HPRC provides a series of articles about mental health and security clearances, beginning with this one on how your good judgment favorably affects your clearance status.

Judgment matters

The real factors that heavily influence clearance status are whether an individual is trustworthy, dependable, reliable, and shows good judgment. Indeed, the vast majority of revoked or denied clearances occur because the applicant demonstrated a history of poor judgment and questionable decision-making. Infractions such as running up a credit card, getting numerous speeding tickets, or drinking and driving negatively impact clearance status much more commonly. The clearest disqualifier is active involvement with illegal drugs, including medical marijuana, which remains illegal at the federal level. Drug use and risky behavior, for example, are symptoms of more serious underlying psychological issues that can indeed impact clearance status. Many people incorrectly attribute negative clearance status to the simple act of seeking help instead of poor judgment and behavior.

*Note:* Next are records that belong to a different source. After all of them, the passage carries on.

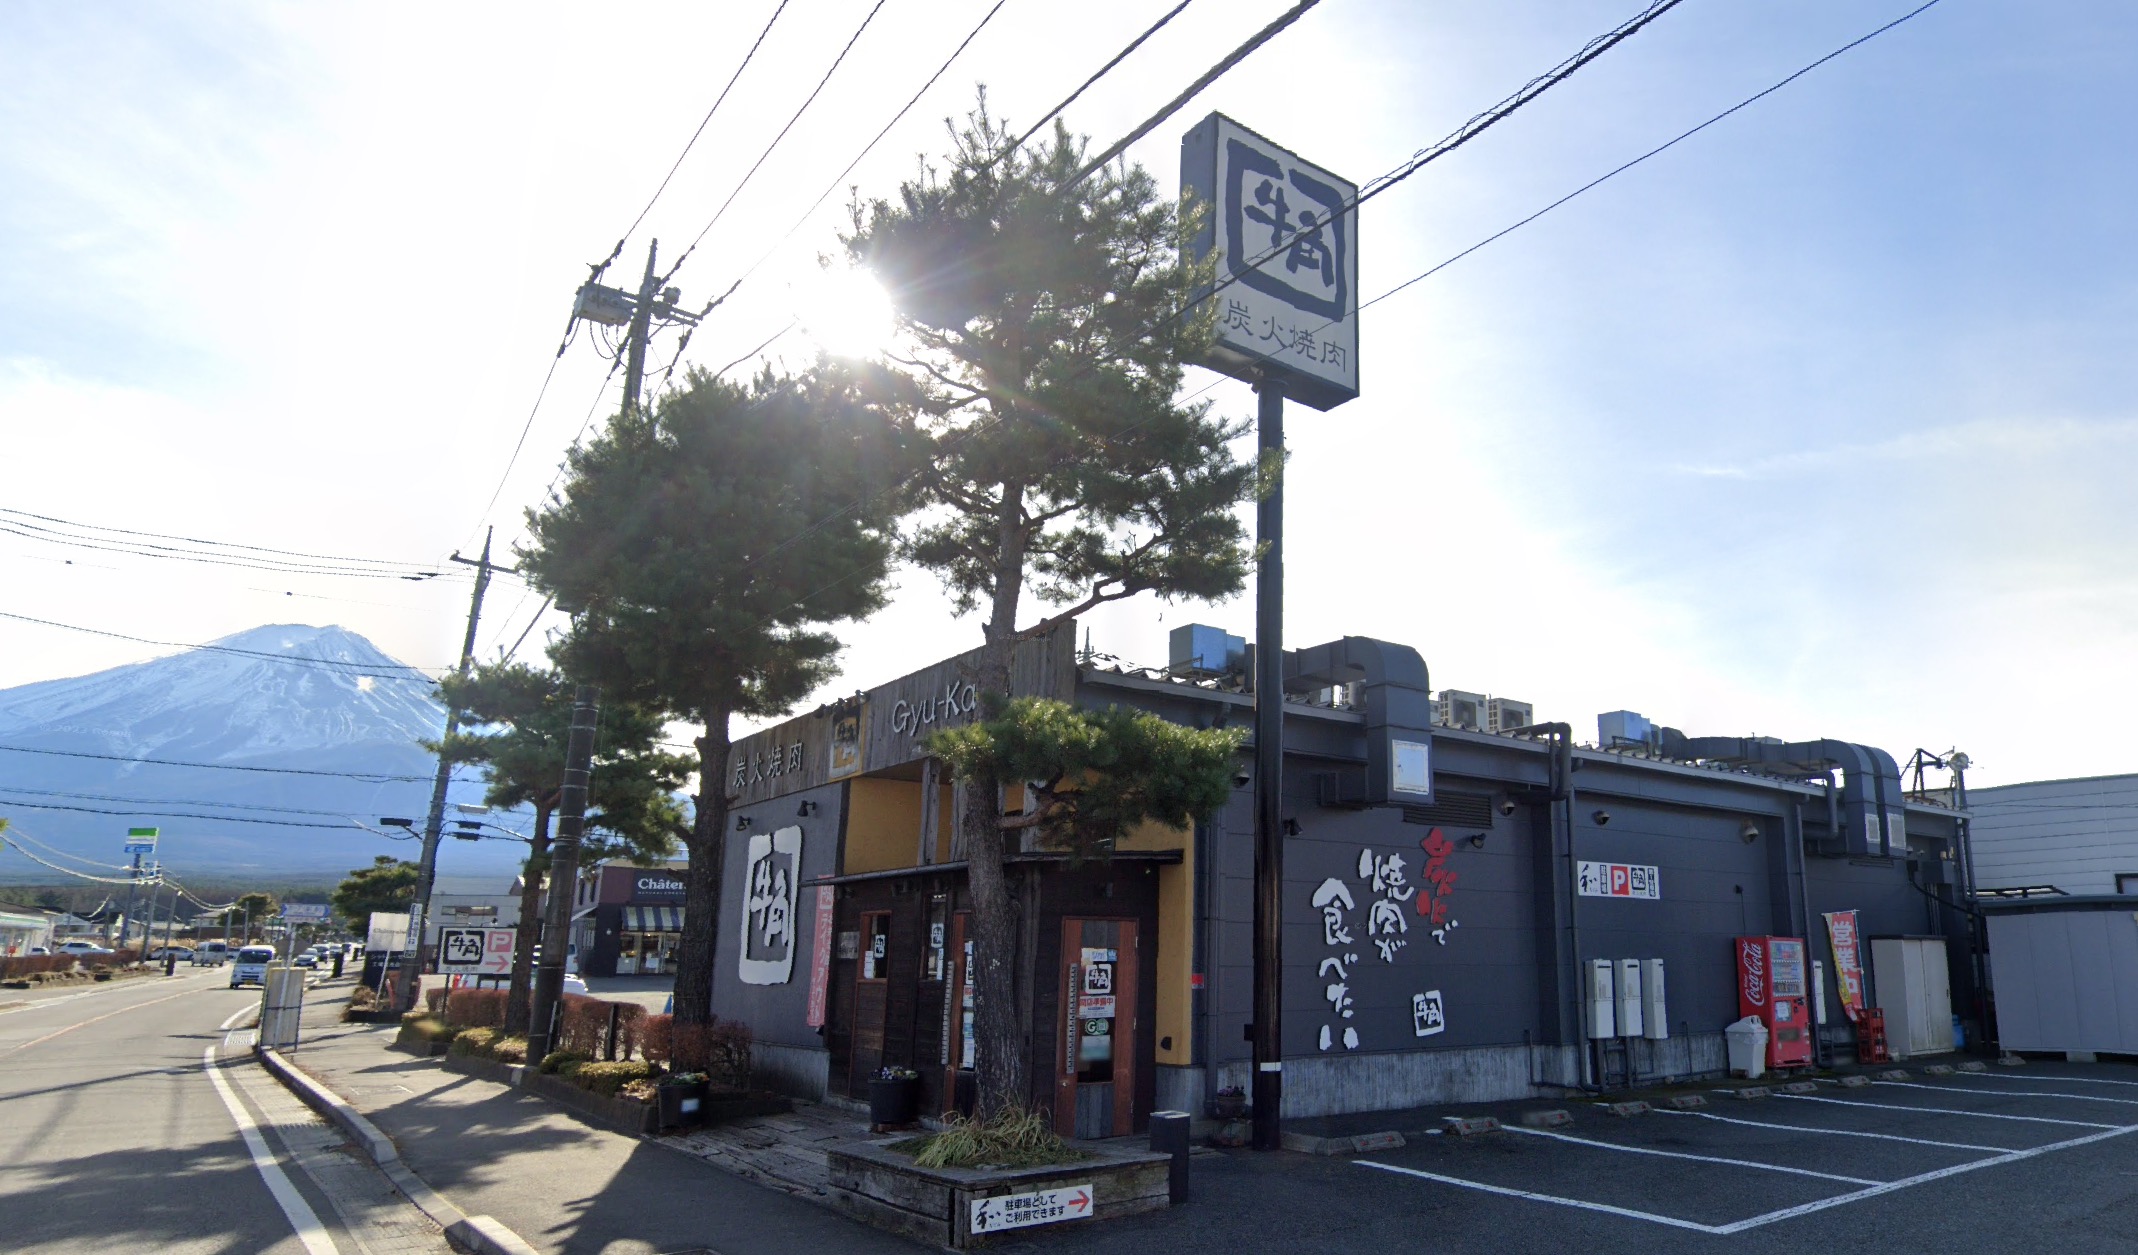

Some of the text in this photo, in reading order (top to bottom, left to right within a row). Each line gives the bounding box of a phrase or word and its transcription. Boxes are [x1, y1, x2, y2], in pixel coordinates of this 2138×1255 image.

[1223, 299, 1345, 372] 炭火焼肉
[732, 742, 803, 789] 炭火焼肉
[638, 878, 686, 890] Châter
[1613, 870, 1626, 891] P
[491, 934, 510, 951] P
[1312, 877, 1359, 1051] 食べたい
[1743, 940, 1765, 1006] Coca-Cola
[1005, 1194, 1057, 1211] 駐車場として
[1005, 1205, 1065, 1223] ご利用できます

Seeking help when you face a problem—including a mental health problem—actually demonstrates trustworthiness, dependability, reliability, and good judgment—the very factors being vetted for a security clearance. Being forthcoming about what you experienced and how you dealt with it by obtaining help from a mental health professional shows mental clarity and self-awareness.

Debrief/Bottom line

Warfighters are expected to have the tactical skills and stamina required to perform at consistently high levels in stressful environments. However, even the strongest have moments in life that might require them to call for support. When you’re struggling, it takes courage to admit it and seek help. Doing so means you’re strong, and it means you have good judgment. Calling for support means that you can stay strong and be prepared for your teammates and your family, both of whom depend on you to stay on top of your game.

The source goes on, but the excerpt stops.